Objectives Intensive vegetable cultivation in China is characterized by high nitrogen fertilizer application, multiple crop rotation and harvest. The frequent fertilization practice required by this production system leads to high nitrogen loss inevitably. The application of biochar has been proved of effectively improving soil physical, chemical and biological properties, and affecting the soil nitrogen cycle and crop yield. We studied the effects and mechanisms of different amounts of biochar application on N₂O emission and crop yield.

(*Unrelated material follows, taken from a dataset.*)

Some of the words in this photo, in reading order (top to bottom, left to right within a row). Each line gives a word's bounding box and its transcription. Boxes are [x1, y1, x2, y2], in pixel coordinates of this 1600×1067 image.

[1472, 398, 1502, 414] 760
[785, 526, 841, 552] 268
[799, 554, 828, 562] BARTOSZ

Methods A field experiment was conducted for continuous two-years in South China, and Indian lettuce and asparagus lettuce were cultivated in turn each year, with multiple harvests in each vegetable during their growing seasons. The experiment was consist of four treatments, including: no nitrogen fertilization control (CK), conventional nitrogen fertilization (NF), conventional nitrogen fertilization plus 20 t/hm² biochar (NB20) and 40 t/hm² biochar (NB40), respectively. The static dark box–gas chromatography was used to measure soil N₂O emissions during the vegetable growing season. Soil samples were collected at the end harvest of the vegetables for measurement of soil physico-chemical properties and enzyme activities, and total vegetable yields were recorded.

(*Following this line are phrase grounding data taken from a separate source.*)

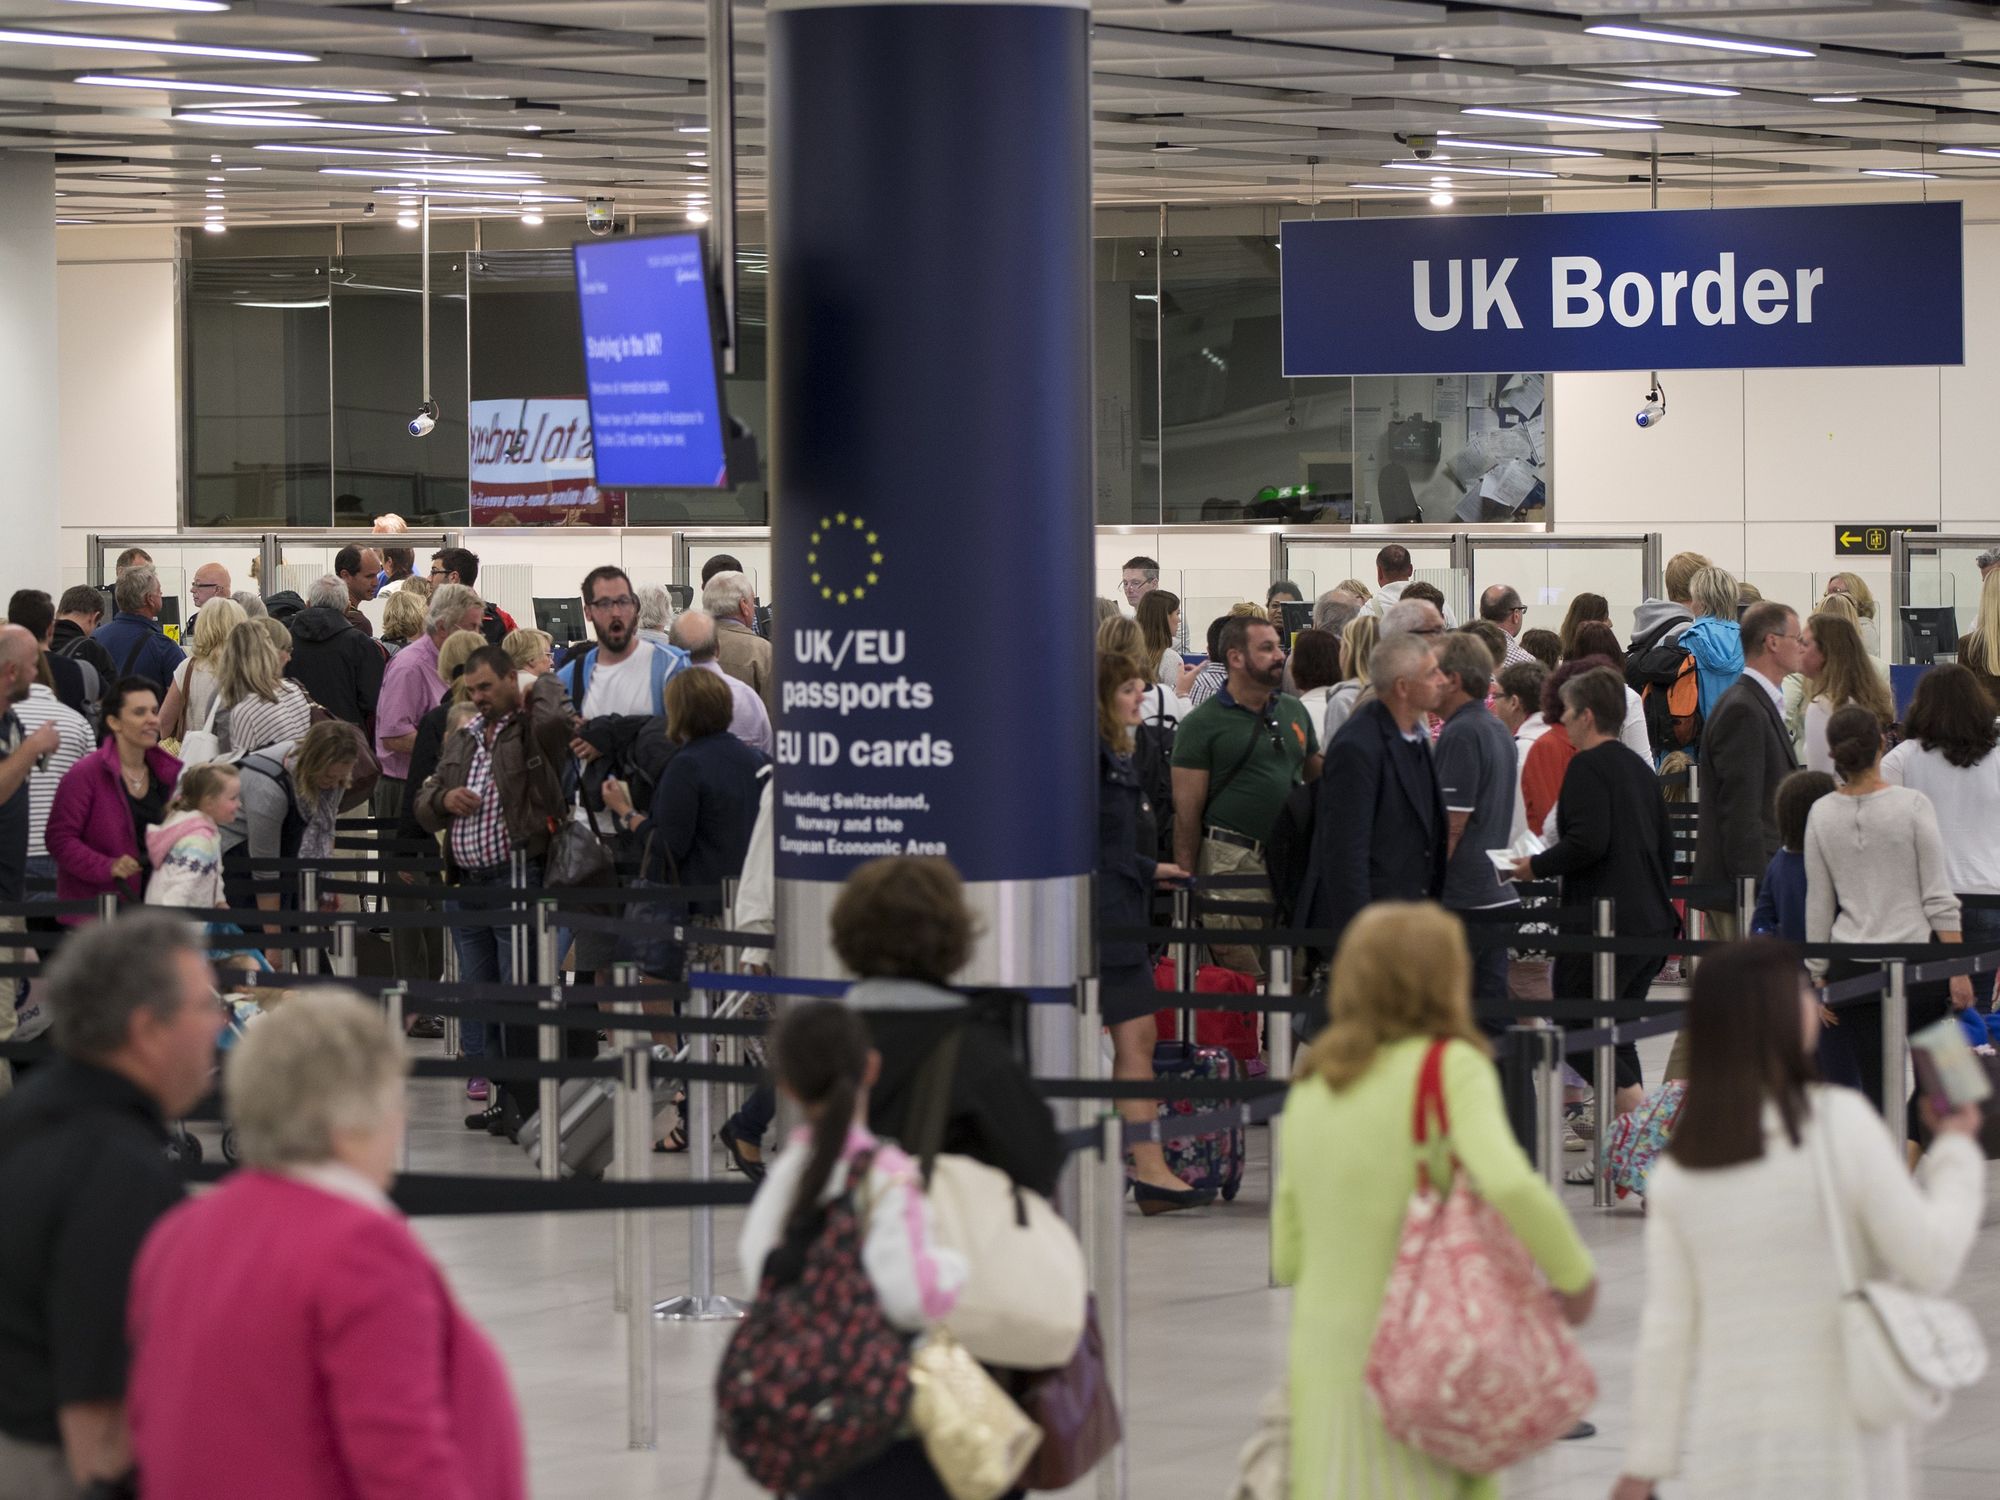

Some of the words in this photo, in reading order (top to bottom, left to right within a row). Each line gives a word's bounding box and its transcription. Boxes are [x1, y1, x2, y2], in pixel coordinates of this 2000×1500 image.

[1412, 257, 1524, 331] UK
[1551, 251, 1824, 328] Border
[794, 629, 906, 672] UK/EU
[782, 675, 934, 716] passports
[776, 730, 801, 765] EU
[808, 731, 840, 766] ID
[848, 732, 954, 767] cards
[782, 790, 831, 812] Including
[832, 792, 930, 812] Switzerland,
[795, 813, 840, 836] Norway
[843, 816, 872, 833] and
[874, 816, 904, 833] the
[826, 838, 902, 855] Economic
[905, 838, 947, 855] Area

Results Compared with NF at the end of two-years of experiment, biochar application significantly increased soil total N, pH, available P and urease activity (P<0.05), and NB20 treatment was recorded significantly higher pH and available P than NB40. The soil N₂O emission fluxes ranged from 42.8 to 7233.0 μg/(m²·h) under NF treatment, and 28.4 to 3188.1 μg/(m²·h) under biochar treatments, depending on temperature, season, and nitrogen fertilization. Compared with NF treatment, NB20 significantly reduced the cumulative N₂O emissions by 64.3%−66.9%, and NB40 reduced that by 55.8%−62.5%, and there was no significant difference between the two treatments in the reduction effect. However, NB20 treatment significantly increased vegetable yield in two years, thereby reduced the unit yield N₂O emissions by 56.4%−74.4%, and increased nitrogen uptake by 13.9%−32.9%, and the annual change was not significant. NB40 was recorded similar yield, unit yield N₂O emission, and nitrogen use efficiency with NB20 in the first year, but significantly lower values in the second year, and also lower values than in the first year of itself, showing significant annual change. Correlation and redundancy analyses showed that soil pH was the main factor affecting N₂O emissions, and available P, pH, and organic carbon were the main factors affecting vegetable yields.

Conclusions Application of biochar in the intensive vegetable production fields could improve soil physico-chemical properties by elevating pH, total N, available P and enzyme activities, thus decrease soil N₂O emissions and increase vegetable yields. Application of 20 t/hm² biochar shows more stable effect in yield and soil pH than 40 t/hm² biochar, so has higher effect in inducing the unit yield N₂O emission and vegetable nitrogen use efficiency, and is recommended for practical use dosage.